> [INFORMATION SUPPLIED]
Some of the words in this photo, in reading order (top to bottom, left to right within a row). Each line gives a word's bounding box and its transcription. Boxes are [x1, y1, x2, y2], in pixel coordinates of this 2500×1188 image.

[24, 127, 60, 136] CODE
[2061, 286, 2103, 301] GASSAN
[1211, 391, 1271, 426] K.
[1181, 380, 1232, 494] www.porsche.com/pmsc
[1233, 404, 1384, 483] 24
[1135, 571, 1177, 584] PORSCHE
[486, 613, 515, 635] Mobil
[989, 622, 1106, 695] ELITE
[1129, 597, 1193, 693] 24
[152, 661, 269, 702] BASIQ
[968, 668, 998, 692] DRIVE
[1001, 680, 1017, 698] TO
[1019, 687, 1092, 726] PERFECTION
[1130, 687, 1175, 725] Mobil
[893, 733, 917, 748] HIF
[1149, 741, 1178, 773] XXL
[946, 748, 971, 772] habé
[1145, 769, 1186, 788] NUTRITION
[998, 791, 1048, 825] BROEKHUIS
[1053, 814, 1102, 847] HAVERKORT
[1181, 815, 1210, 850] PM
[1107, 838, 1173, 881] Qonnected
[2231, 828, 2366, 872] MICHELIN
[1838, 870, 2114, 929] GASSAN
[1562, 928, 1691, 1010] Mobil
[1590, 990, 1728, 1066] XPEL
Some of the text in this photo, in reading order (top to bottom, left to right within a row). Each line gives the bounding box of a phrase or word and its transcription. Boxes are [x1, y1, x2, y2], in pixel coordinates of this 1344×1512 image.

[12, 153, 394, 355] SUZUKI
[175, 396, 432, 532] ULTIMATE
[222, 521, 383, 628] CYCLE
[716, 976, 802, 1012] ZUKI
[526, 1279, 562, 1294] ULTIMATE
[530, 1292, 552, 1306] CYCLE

> [PROBLEM DESCRIPTION] Go to the line holding "Some of the text" in the entries above and return it, along with every line after it, exactly as written.

> [EXERCISE RESPONSE]
Some of the text in this photo, in reading order (top to bottom, left to right within a row). Each line gives the bounding box of a phrase or word and its transcription. Boxes are [x1, y1, x2, y2], in pixel coordinates of this 1344×1512 image.

[12, 153, 394, 355] SUZUKI
[175, 396, 432, 532] ULTIMATE
[222, 521, 383, 628] CYCLE
[716, 976, 802, 1012] ZUKI
[526, 1279, 562, 1294] ULTIMATE
[530, 1292, 552, 1306] CYCLE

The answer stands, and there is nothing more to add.